When venturing into the rural areas of the country, it is important to take precautions against malaria. “We always sleep under a mosquito net — even at home — and use bug spray liberally.”
“Travis and I really enjoy living and working here in Zambia,” Lauren said. “We feel lucky to live in such a beautiful place where people are generally friendly, welcoming and laid-back”
She said that it took time for them to adjust to the culture differences. “And we miss our families and friends back home.”
Lauren and Travis arrived in Zambia in January 2016. They are committed to staying for two years. “After that, we plan to move back to the U.S., although haven’t decided on an exact location just yet.”
Zambia is home to Victoria Falls, one of the seven natural wonders of the world.
It’s considered to be both in height and width the largest waterfalls in the world.
Until 1964, Zambia was known as Northern Rhodesia.
Along with its national parks, Zambia has five major lakes, three large rivers, 17 waterfalls, including Victoria Falls, and various wetlands. Nineteenth-century Scottish missionary explorer David Livingstone is credited with putting the country on the map at least in the eyes of western cultures. He’s the one who first drew attention to Lake Tanganyika as he sought a source for the Nile.
One of its major rivers, the Zambezi, is what gave the country its name.
Although Zambia has its major cities, such as Lasaka, it also still has major portions of the country that remain relatively wild.
Tourism makes a significant contribution to Zambia’s economy. People from all over the world are attracted to primarily the country’s richness in wildlife. There are 20 national parks, 36 game management areas and one bird sanctuary. Various organizations work to protect wildlife and birds as well as the land.
Within the preserves, tourists can see elephant herds, giraffes, hippopotamus, cheetah, leopards, lions, monkeys, zebra exotic birds and more.
Zambia is home to 72 ethnic groups that still predominately live in rural areas, according to Zambia’s official web site.
The main tribes include the Lozi, the Bemba, the Ngoni, the Tonga, the Luvale and the Kaonde.
Its culture seems to become a blend of these many tribes, although many of the rural tribes have retained their indigenous and traditional customs.
The country has also attracted Asian populations including those from China and India.
Zambia is about the size of France, the Netherlands, Belgium and Switzerland combined.

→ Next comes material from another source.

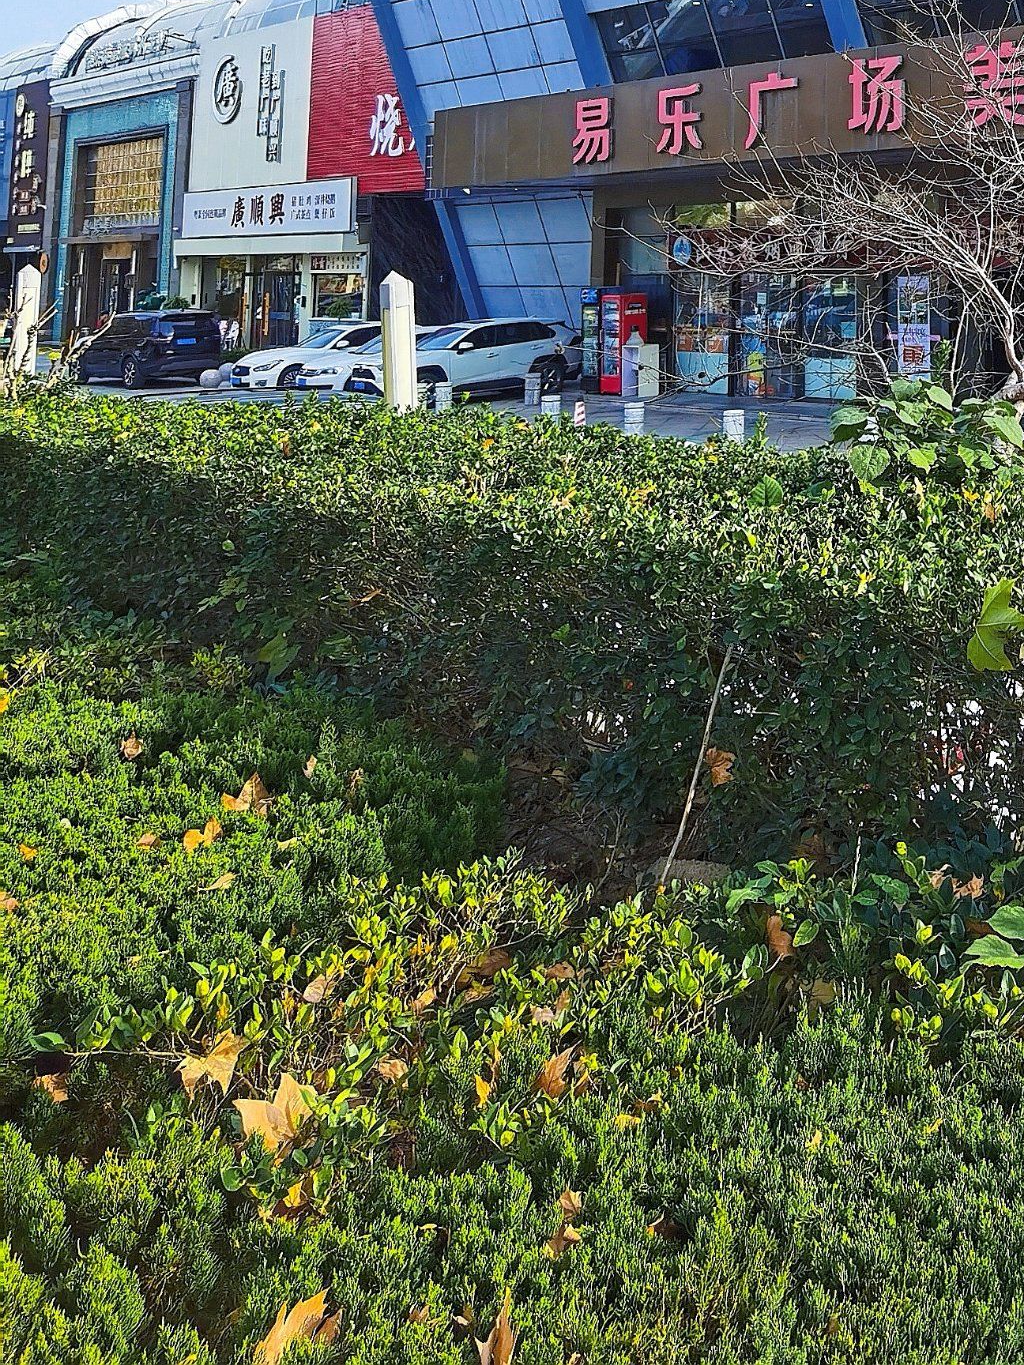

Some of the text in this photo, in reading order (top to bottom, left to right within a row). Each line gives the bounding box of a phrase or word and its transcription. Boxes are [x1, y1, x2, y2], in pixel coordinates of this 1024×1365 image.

According to Zambia’s website, the country tends to be flat, with small hills, although there are mountain ridges that reach 6,000 to 7,000 feet.

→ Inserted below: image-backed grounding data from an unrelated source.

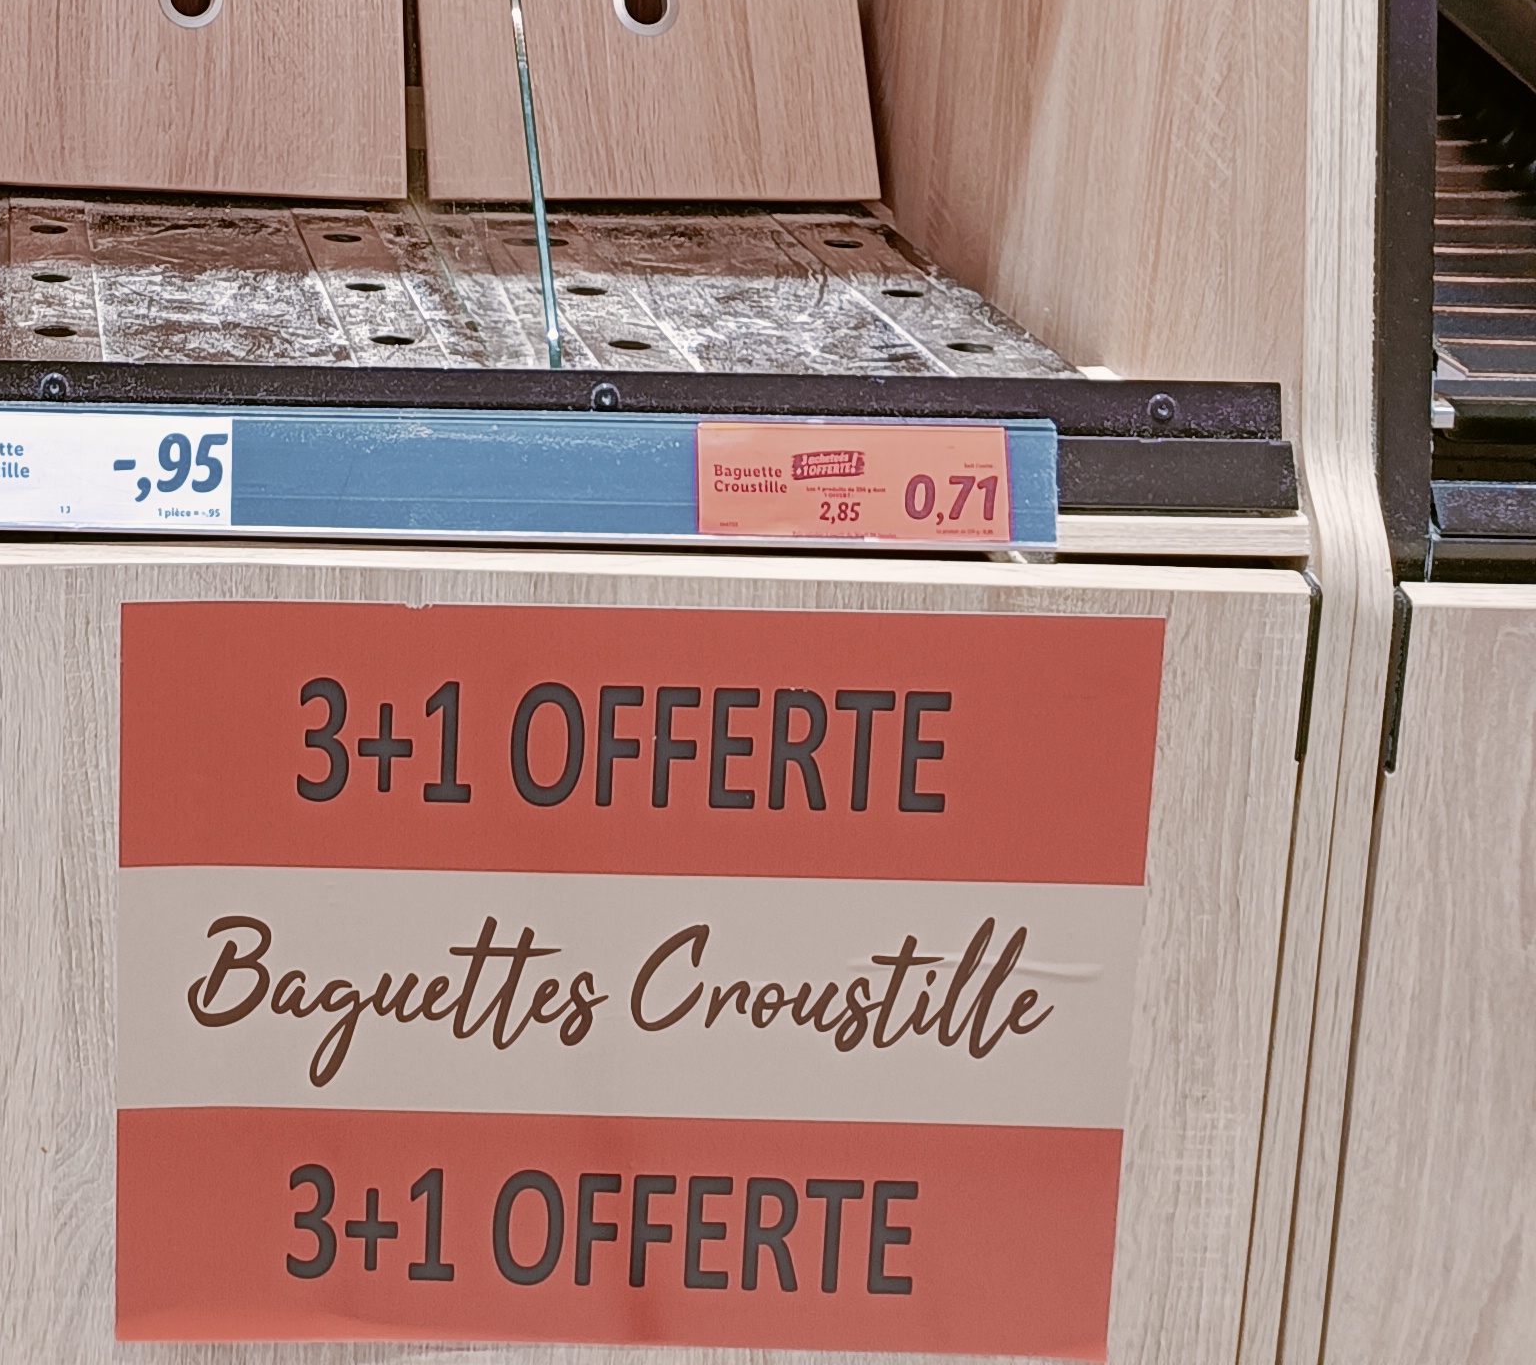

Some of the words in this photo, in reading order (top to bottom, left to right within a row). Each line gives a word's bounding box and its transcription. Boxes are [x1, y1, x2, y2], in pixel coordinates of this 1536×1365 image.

[113, 432, 229, 503] -,95
[713, 463, 782, 480] Baguette
[714, 479, 788, 494] Croustille
[164, 507, 191, 519] pièce
[819, 501, 861, 525] 2,85
[904, 474, 999, 526] 0,71
[295, 676, 472, 803] 3+1
[509, 682, 954, 814] OFFERTE
[187, 914, 609, 1088] Baguettes
[630, 916, 1055, 1060] Croustille
[285, 1163, 456, 1282] 3+1
[491, 1169, 920, 1295] OFFERTE

Besides the Tanganyika, there are two other major lakes, the Bangweulu and the Mweru. Lake Kariba is actually a man-made lake and is the largest in Africa and second largest in the world.
Zambia has three climates. From May through August, it is cool and dry. From September to November, it’s hot and dry and from December to April, it’s warm and wet.
At the height of the wet season, frequent heavy rains and thunderstorms are common. These are followed by days of sunshine and the combination creates lush, fast-growing vegetation.